Issan préféra rester mutique, sans doute terrifié d'en découvrir davantage. Je voyais bien que même s'il restait inébranlable, le faciès complètement figé et placide, il n'était pas si insensible. Tout compte fait, même si j'avais du mal à le comprendre, je pouvais tout de même deviner ce qu'il pouvait ressentir. Ses émotions, je les avais moi-même subies, et je n'arrivais plus à les enterrer.

— Il faut que tu saches autre chose... Maxence est une personnalité montante en France et dans tous les pays limitrophes. Ces musiques sont passées en boucle à la radio. Il a des milliers de fans qui l'attendent à l'autre bout du continent, et il ne lâchera rien pour conquérir l'Amérique, même si cela lui demande plus d'efforts qu'à d'autre...

— Quel intérêt d'aller aussi loin ?

— Il paraît que ça peut aider quand on a des dettes, mais je suis persuadé qu'au fond, c'est une question que lui seul peut vraiment répondre.

— Je comprends.

Je m'interromps et j'avançai jusqu'au-devant des marches avant l'estrade, afin de lui découvrir toute l'étendue du travail.

— Venez vers moi, je vais vous installer le dispositif !

Il tergiversa un instant, avant de se décider de se rapprocher de moi. Cet homme était en fait plus complexe que je ne me l'imaginais. Il me troublait à cause de ce que je voyais en lui. Promptement j'avais la sensation de ne plus être complètement seule, mais j'essayais toujours de rien laisser transparaître. Il aurait été trop aisé pour lui de voir que j'étais finalement de son côté autant que Maxence, alors que c'était peine gagnée à long terme.

Je fis le tour de ses hanches, jusqu'à son thorax, pour passer le fil entre sa veste aux fils devenus rêches, et lui je lui installai l'oreillette.
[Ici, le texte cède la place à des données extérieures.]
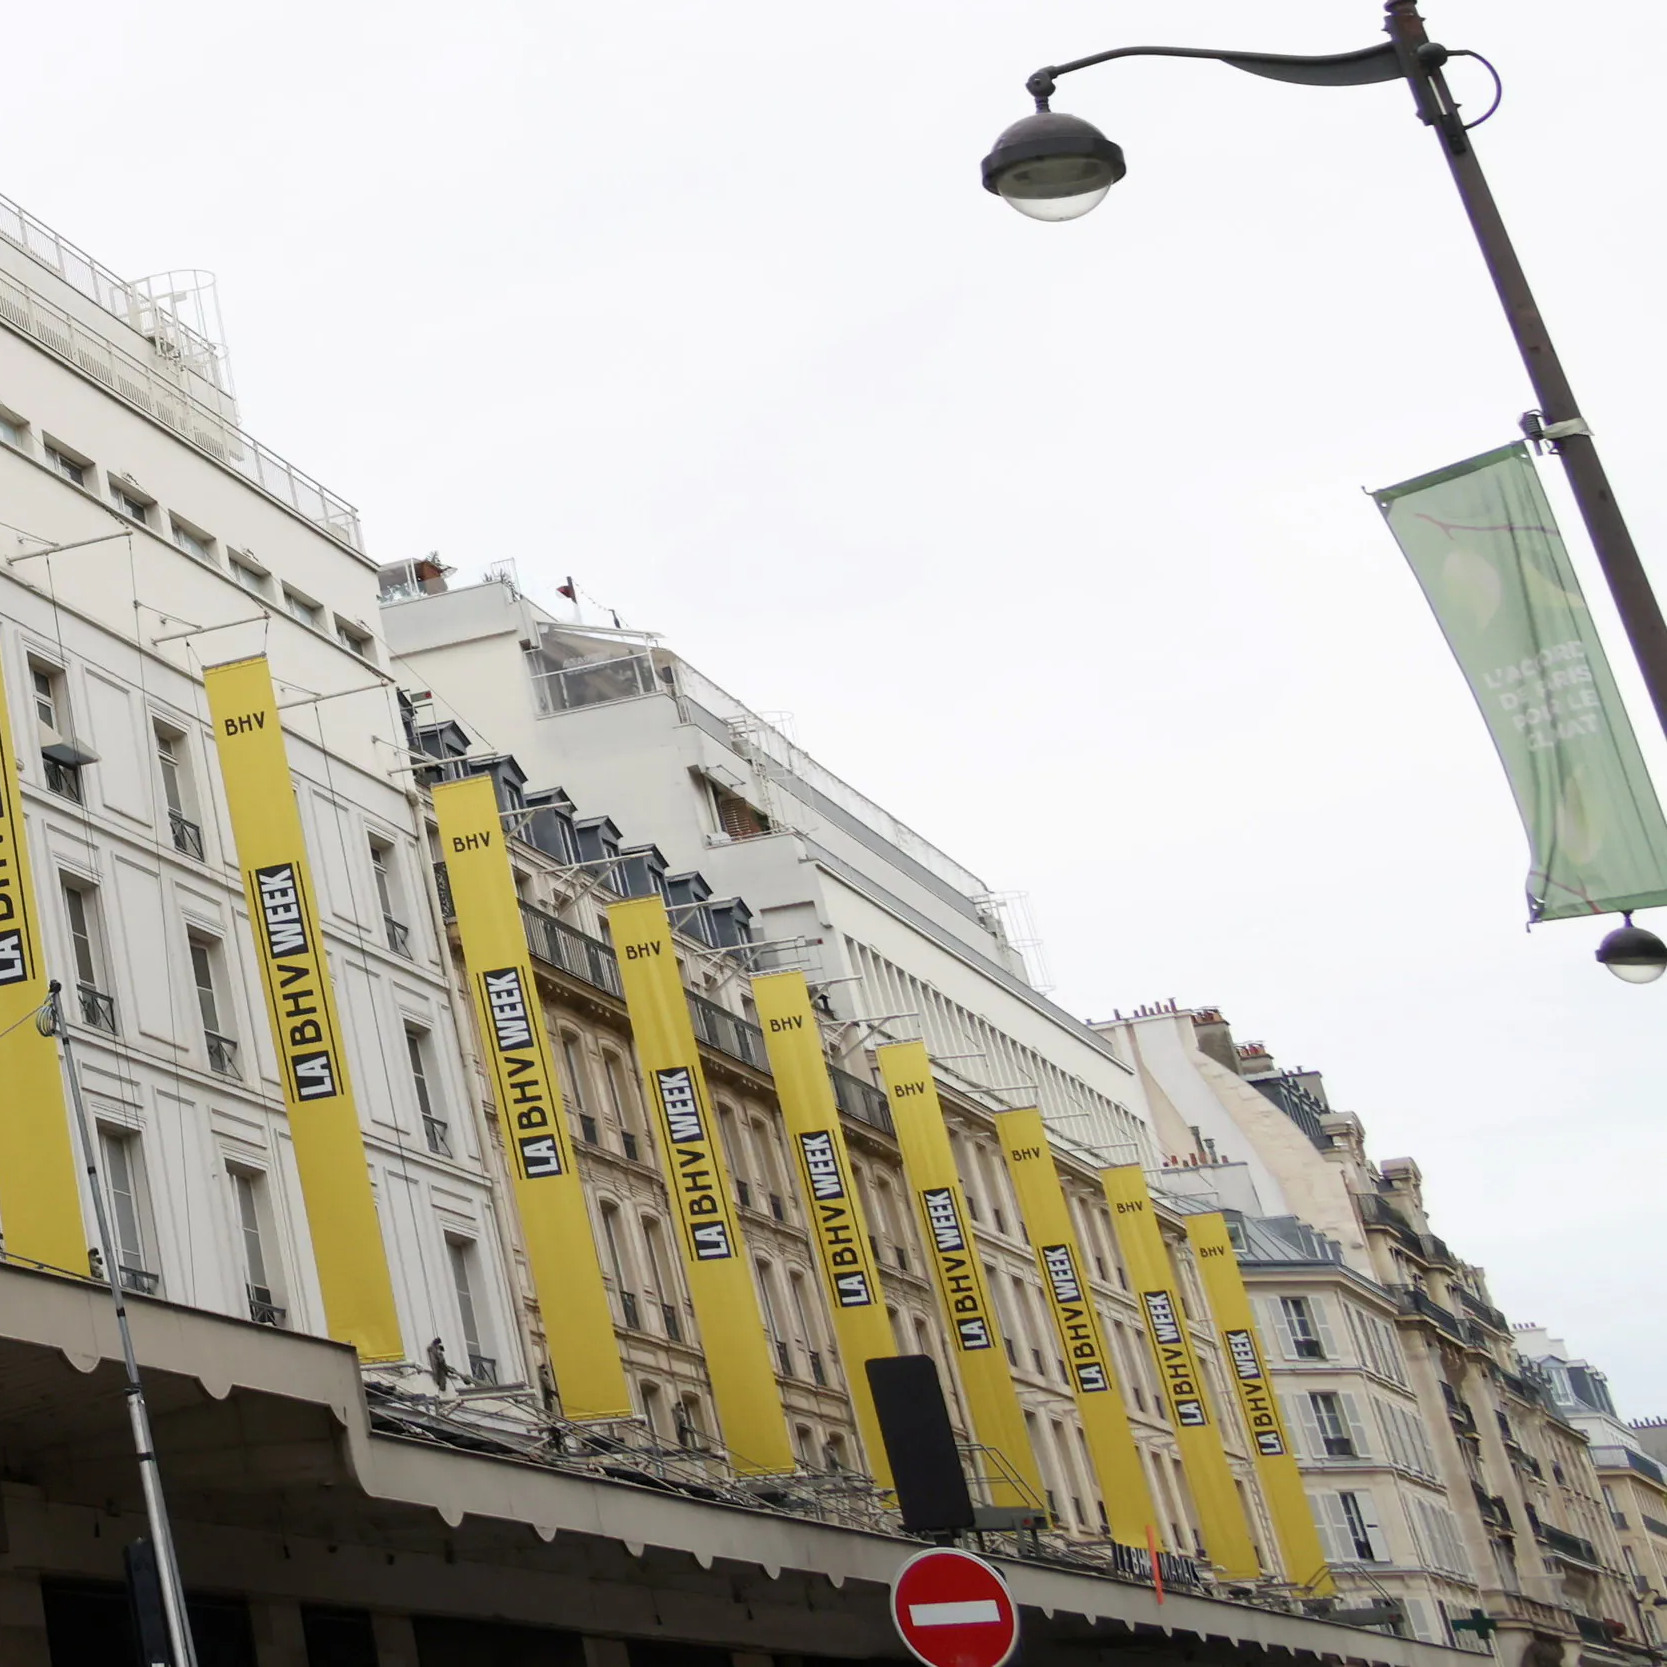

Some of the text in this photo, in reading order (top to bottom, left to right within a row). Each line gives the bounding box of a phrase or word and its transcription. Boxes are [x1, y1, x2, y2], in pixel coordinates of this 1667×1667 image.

[1568, 689, 1600, 710] LE
[224, 711, 265, 736] BHV
[453, 832, 490, 852] BHV
[625, 941, 661, 960] BHV
[259, 868, 334, 1096] LA BHV WEEK
[770, 1015, 802, 1032] BHV
[486, 971, 559, 1175] LA BHV WEEK
[895, 1082, 925, 1097] BHV
[659, 1071, 729, 1257] LA BHV WEEK
[1012, 1147, 1040, 1162] BHV
[802, 1134, 868, 1305] LA BHV WEEK
[1117, 1201, 1143, 1214] BHV
[1200, 1246, 1225, 1258] BHV
[925, 1191, 988, 1348] LA BHV WEEK
[1044, 1247, 1104, 1390] LA BHV WEEK
[1146, 1294, 1202, 1424] LA BHV WEEK
[1228, 1332, 1283, 1453] LA BHV WEEK
Je me concentrais du mieux que je pouvais, mais tandis que je fis quelques tests pour régler mon micro, Issan me fixa intensément du regard, ses pupilles étaient devenues deux grosses perles sombres. Il semblait bouleversé lui aussi, mais d'une toute autre manière.

— Sous vos airs de colère, vous avez l'air de beaucoup l'aimer...

— Qu'est-ce qui vous fait dire ça ?

— Vos lèvres quand vous les retroussez, votre gorge quand vous déglutinez votre salive, et vos veines quand votre pouls s'accélère. On sent que vous avez envie de l'embrasser et c'est tout ce qu'un homme pourrait rêver d'avoir.

— Je ne...

— Et si je ne m'abuse, une bague de fiançailles est toujours autour de votre doigt. ajouta Issan d'un sourire gêné. Vous vous êtes engagée envers lui, mais si votre cœur lui appartient, votre corps, lui non, vous n'êtes pas encore totalement sienne. Je dirais même qu'il pourrait vous perdre. Mais en est-il seulement conscient ?

Avec sa voix granuleuse et très masculine, il était très difficile de deviner qu'il pouvait prononcer à tout moment ces mots avec autant d'élégance et de poésie, et ça en devenait presque suspect.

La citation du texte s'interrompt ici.